Balloons at sunrise over Goreme.
A landscape like no other and a history of settlement dating back to the persecution of the early Christians is what greeted us when we arrived for our stay in the township of Goreme in the region of Cappadocia. We were gobsmacked at the stark beauty of this place and its unique geological structures that dominate the town and its surroundings.
The entrance to the Kelebek Hotel with "fairy chimney" room in the background.
Our hotel is perched high above the town with magnificent views form the deck morning, evening and night. Thanks to Liz Jeffress' recommendation, our stay here is really comfortable and we re enjoying the quietness of the location, the hospitality of the staff and the quirkiness of the buildings...they are actually cave rooms!
View from the driveway
View from the deck...."happy hour".
.......and at night.....just magic.
We wasted no time settling in to our digs....beautiful meal at a local restaurant and then a "still dark" get-up for our much anticipated dawn balloon ride over and through....I do mean through....the valleys and canyons of this "moon like" landscape.
....and into the canyons
What an experience....silent ( except when the pilot gave a blast of flaming propane into the canopy to control the balloon) gliding, gentle, floating......kind of surreal actually. With between 50 and 60 balloons (which certainly added to the spectacle) we climbed high up into the sky to catch the first rays of sunrise and then dropped into the canyons and ravines to see the ancient cave dwellings in the cliffs lining the dry river beds...so close and silent we could almost reach out and touch the sides of the ravines. An hour just flew by, the sun was getting high and it was time to come back to terra firma ......and to land right on the trailer! Pretty impressive flying I must say ......and an experience we will not to forget.

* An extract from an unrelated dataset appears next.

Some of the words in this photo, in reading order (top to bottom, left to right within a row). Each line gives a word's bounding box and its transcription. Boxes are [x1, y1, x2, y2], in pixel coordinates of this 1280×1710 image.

On our return we were transported in an old Land Rover and entertained by a guide (who had lived in Australia and New Zealand for a time and cracked us up with his use of the Australian vernacular....funny how they absorb some words quickly) to an organic breakfast in a small farm deep in a rocky ravine. The farm has been in the family for over four hundred years and how they survived let alone thrived in such conditions is testament to their skill, detailed knowledge of their environment and years of sheer hard work.
We were fed a sumptuous breakfast of local produce and breads cooked the traditional way.

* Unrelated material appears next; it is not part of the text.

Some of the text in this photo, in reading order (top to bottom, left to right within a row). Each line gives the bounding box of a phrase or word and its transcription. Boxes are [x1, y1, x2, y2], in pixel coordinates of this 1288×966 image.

And we were treated to a detailed description of how they lived and worked in these arid places for hundreds of years. Digging holes in the cliffs to get water seepage for their wells, tending fruit trees and grape vines not on trellises but as bushes with the soil piled around the stem to keep in the moisture from the air. They also kept animals, ducks, chooks, pigeons, donkeys....and really big dogs to keep the wolves away.
We shared our breakfast and the experience with a Chinese and Turkish couple...and we were getting along very well in no time at all. They were really nice people and we shared stories of our cultures and histories....but they were mostly interested in/concerned about Australia's wildlife....particularly that of the the deadly variety!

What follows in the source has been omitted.